Milhões de pessoas ao redor do globo puderam experimentá-la em primeira
mão e perceber o quão impressionantes são esses sistemas.
Muitos já se deram conta de que esses softwares representam um ponto de
inflexão, causarão enorme turbulência no mercado de trabalho e na economia.

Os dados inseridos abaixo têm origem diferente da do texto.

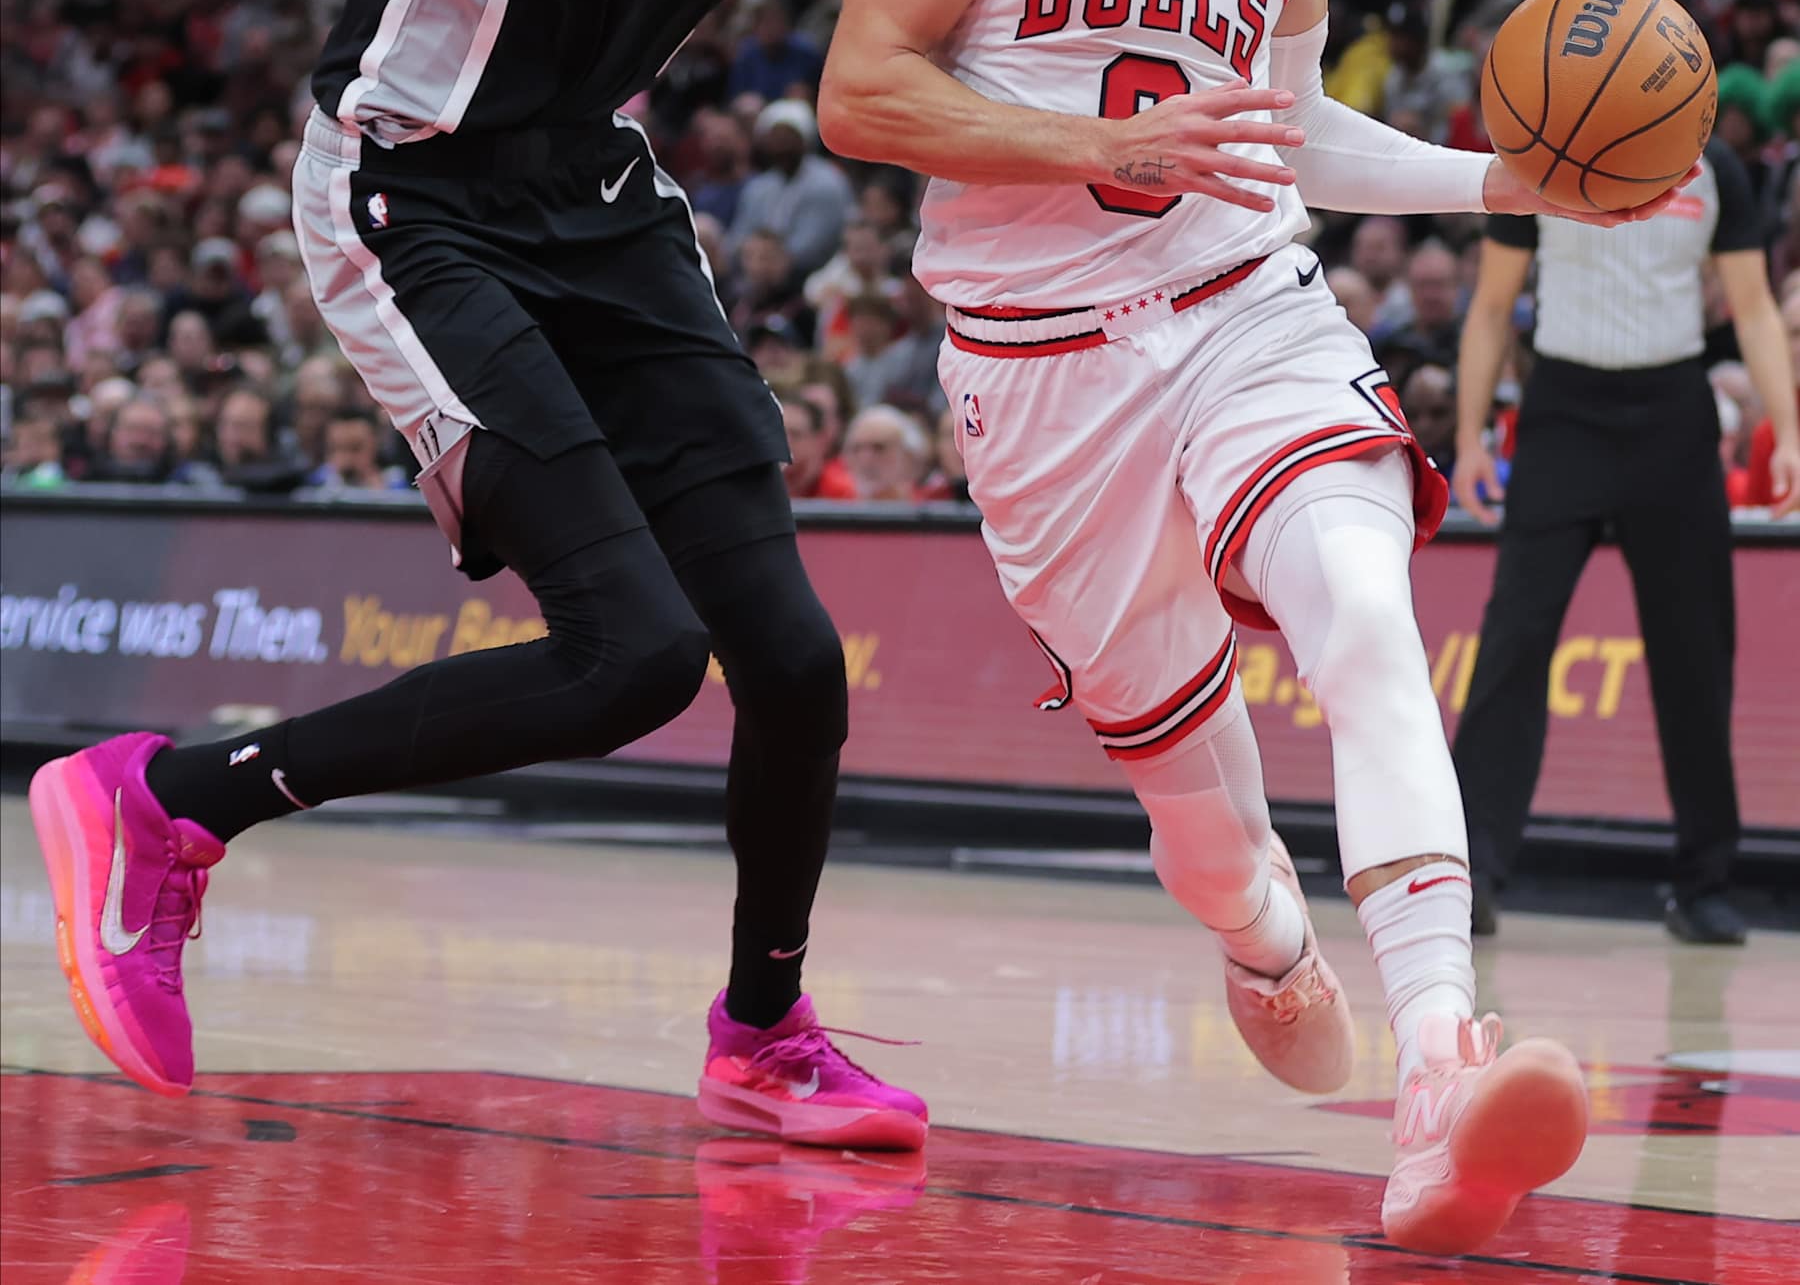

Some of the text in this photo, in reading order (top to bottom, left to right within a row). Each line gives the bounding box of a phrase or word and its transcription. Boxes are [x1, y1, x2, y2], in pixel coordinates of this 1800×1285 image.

A excitação inicial rapidamente deu lugar a preocupação e um debate furioso
vem questionando se devemos dar um tempo, interrompendo por seis meses ou mais o
desenvolvimento da IA.
Mal conseguimos digerir e entender o significado e desdobramentos disso
tudo para nossas vidas e surgiu no mês passado o GPT-4.
Mas afinal, que tipo de coisa o GPT-4 pode fazer?
O que o GPT-4 pode fazer hoje numa reunião do conselho
Imagine que você está numa reunião do conselho deliberativo do seu fundo
de pensão. O GPT-4 pode ouvir e gravar toda a reunião através do seu telefone
ou de um laptop.
Ele vai reconhecer (entender) tudo o que foi dito, melhor do que os
conselheiros em volta da mesa que muitas vezes falam ao mesmo tempo. O GPT-4 vai
transcrever – transformar voz em texto – e produzir para você um sumário de toda
a reunião.
A partir desse sumário, você pode escolher como os comentários serão
priorizados, você pode mudar o sumário, você pode falar com ele.
Você pode dizer: “Eu gostaria de ouvir na íntegra o que o Sr. Sérgio
Nabas disse, diminui o volume da conversa dos outros conselheiros. Então, o
GPT-4 fará isso.
Aí, você pode dizer: “Tudo bem, não tem nada importante, pode diminuir a
voz do Sr. Sérgio”. Você pode conversar verbalmente, interativamente, com o
GPT-4.
O GPT-4 pode escrever a minuta da ata de reunião do conselho (ou de um
relatório de consultoria), pode produzir um relatório de análise
Pode construir uma tabela a partir de dados que você fornece, pode
produzir gráficos a partir dessa tabela e depois responder perguntas especificas
sobre o comportamento das informações mostradas nos gráficos, para que os conselheiros
possam tomar decisões.
São tempos interessantes para quem trabalha com conhecimento, ou seja,
todos os funcionários de um fundo de pensão.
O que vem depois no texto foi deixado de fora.